Scostamento di bilancio, 5S 'fregati' dalla clausola: "Ci fanno ingoiare Mes"

Un'osservazione della senatrice di Forza Italia Bernini sulla risoluzione di maggioranza per lo scostamento di bilancio scatena il panico nel Movimento: "Sono riusciti a fregarci al Senato con questa risoluzione, infilando il Mes senza mai citarlo"

Continua a salire la tensione all'interno della maggioranza di governo: dopo il putiferio che si è scatenato in seguito alla nomina delle commissioni in Senato (per due volte l'allenza giallorossa è stata battuta dall'opposizione), a mettere in crisi i partiti che sostengono l'esecutivo è anche il dibattito sempre più acceso sul Mes.

Oggi, oltre al malcontento sulle commissioni, si è aggiunto il caos in seguito all'approvazione del nuovo scostamento di bilancio. In un passaggio della risoluzione di maggioranza firmato dai capigruppo al Senato appartenenti all'alleanza giallorossa si chiede infatti al governo Conte di "prevedere l'utilizzo, sulla base dell'interesse generale del Paese e dell'analisi dell'effettivo fabbisogno, degli strumenti già resi disponibili dall'Unione europea per fronteggiare l'emergenza sanitaria e socio-economica in atto".

Un punto, questo, che è stato subito notato dalla presidente di Forza Italia in Senato Anna Maria Bernini, che interroga i 5Stelle, fino ad oggi contrari all'attivazione del fondo salva-stati."Se le parole hanno ancora un senso, significa che la maggioranza sta chiedendo al governo di usare subito i fondi del Mes", ha dichiarato la senatrice, pungolando i pentastellati, come riportato da "AdnKronos"."Sarebbe una novità politica di non poco conto. Ma i Cinque Stelle hanno letto il testo?".

Tanto è bastato per scatenare la reazione dei grillini."Sono riusciti a fregarci al Senato con questa risoluzione, infilando il Mes senza mai citarlo.

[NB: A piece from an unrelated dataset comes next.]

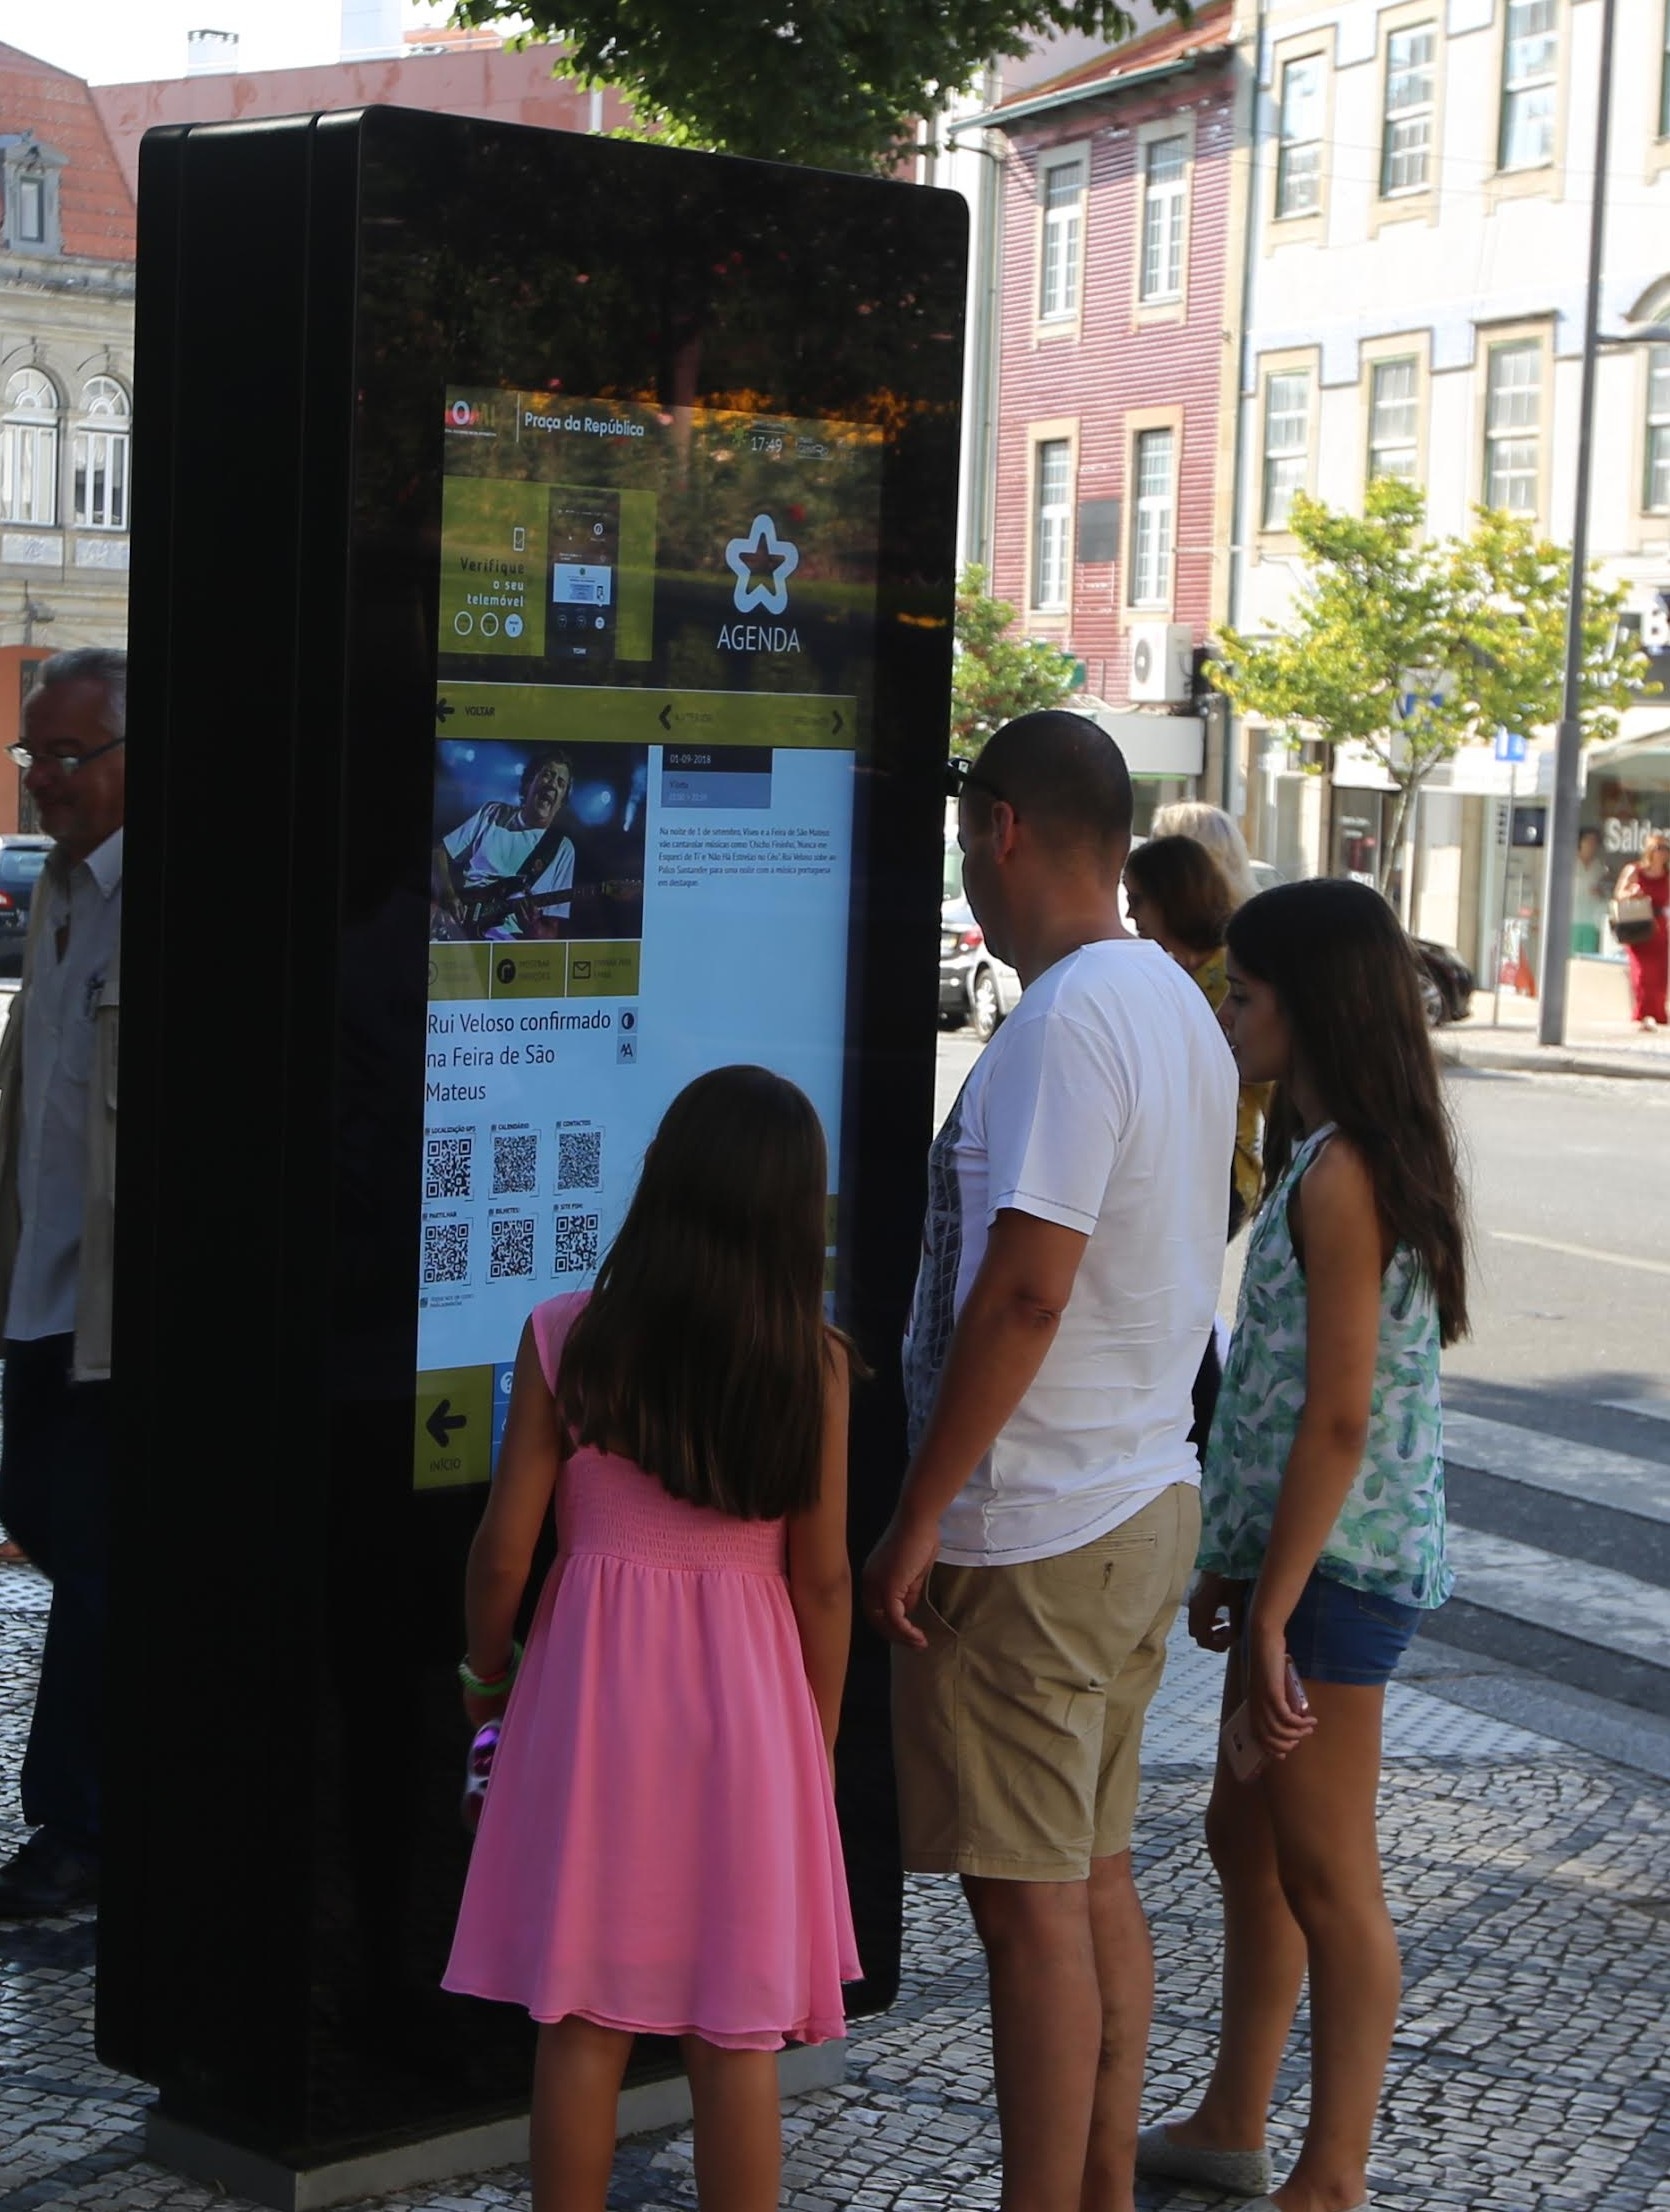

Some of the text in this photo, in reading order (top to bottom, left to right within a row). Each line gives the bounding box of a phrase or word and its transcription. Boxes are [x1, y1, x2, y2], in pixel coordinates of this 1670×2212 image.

Conte e Pd hanno portato a casa la loro operazione e in questo modo il Mes non dovrà essere più votato in Parlamento", ha postato nel panico un parlamentare in una chat, parlando di "grande debacle del Movimento". "Abbiamo perso sulle presidenze di Commissione e adesso stiamo ingoiando anche il Mes. Una gestione dei vertici totalmente fallimentare", ha lamentato il grillino.

"Per quanto mi riguarda non c'è alcuna apertura preventiva al Mes", ha invece voluto subito chiarire il senatore Mattia Crucioli, contrario anche alla proroga dello stato di emergenza. "Occorrerà verificare, caso per caso, ciascuno degli strumenti che l'Italia ha la facoltà di utilizzare. Qualora ci siano condizioni non cristalline o non convenienti, non approverò tali strumenti, comunque essi verranno chiamati".

Se da parte dei 5Stelle continua ad esserci confusione, la posizione del Pd resta chiara, come ribadito dal capo politico Nicola Zingaretti: "Io rispetto chi ha ancora dubbi, ma non è il Mes di una volta e da presidente di Regione dico che c'è bisogno di investire sulla sanità. Mi auguro che la discussione esca da un confronto ideologico e si concentri sulle cose da fare in fretta. Questa è la discussione sul Mes, la battaglia politica non dovrebbe entrarci", ha dichiarato ai microfoni di Sky Tg24.